_EXERCISE INSTRUCTIONS_
The answer is an exact repeat of the entries below, with the pictures omitted.

*** GIVEN RECORDS ***

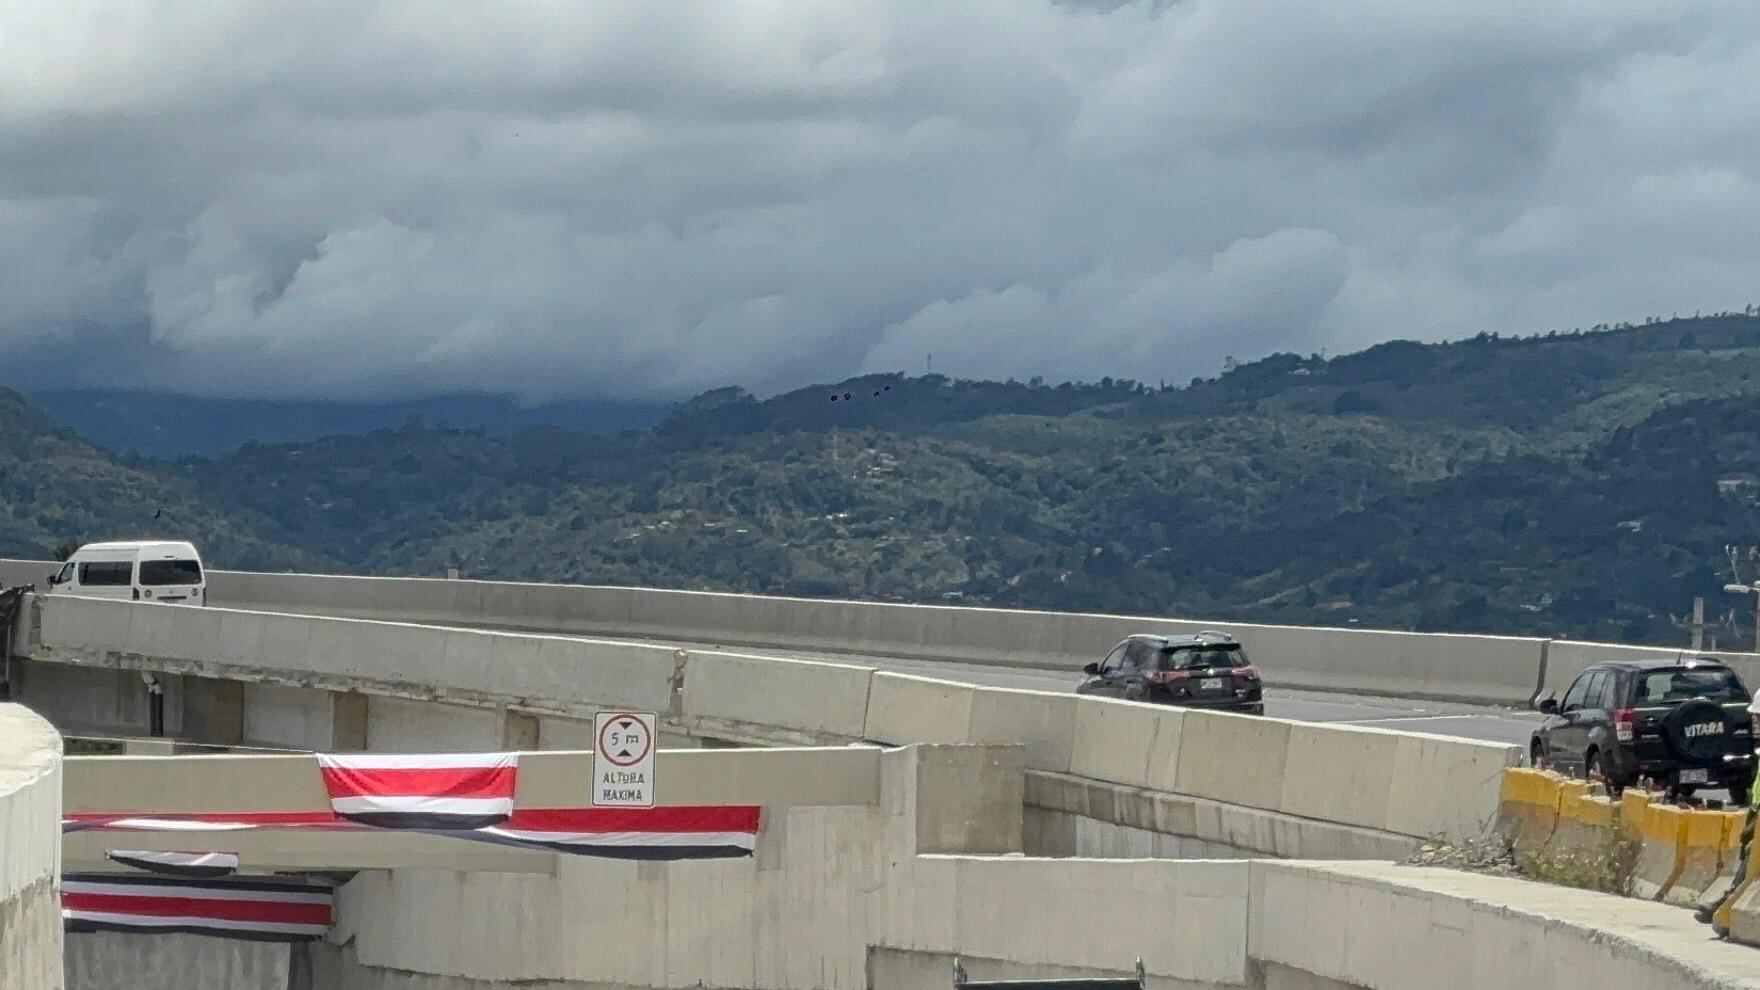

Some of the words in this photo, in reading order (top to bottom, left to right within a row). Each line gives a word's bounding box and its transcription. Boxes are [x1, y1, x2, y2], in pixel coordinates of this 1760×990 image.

[1684, 721, 1723, 738] VITARA
[611, 732, 619, 746] 5
[625, 734, 639, 744] m
[602, 772, 645, 784] ALTURA
[603, 789, 643, 801] MAXIMA

*** End of GIVEN RECORDS ***

_SOLUTION FOR THIS PROBLEM_
Some of the words in this photo, in reading order (top to bottom, left to right within a row). Each line gives a word's bounding box and its transcription. Boxes are [x1, y1, x2, y2], in pixel coordinates of this 1760×990 image.

[1684, 721, 1723, 738] VITARA
[611, 732, 619, 746] 5
[625, 734, 639, 744] m
[602, 772, 645, 784] ALTURA
[603, 789, 643, 801] MAXIMA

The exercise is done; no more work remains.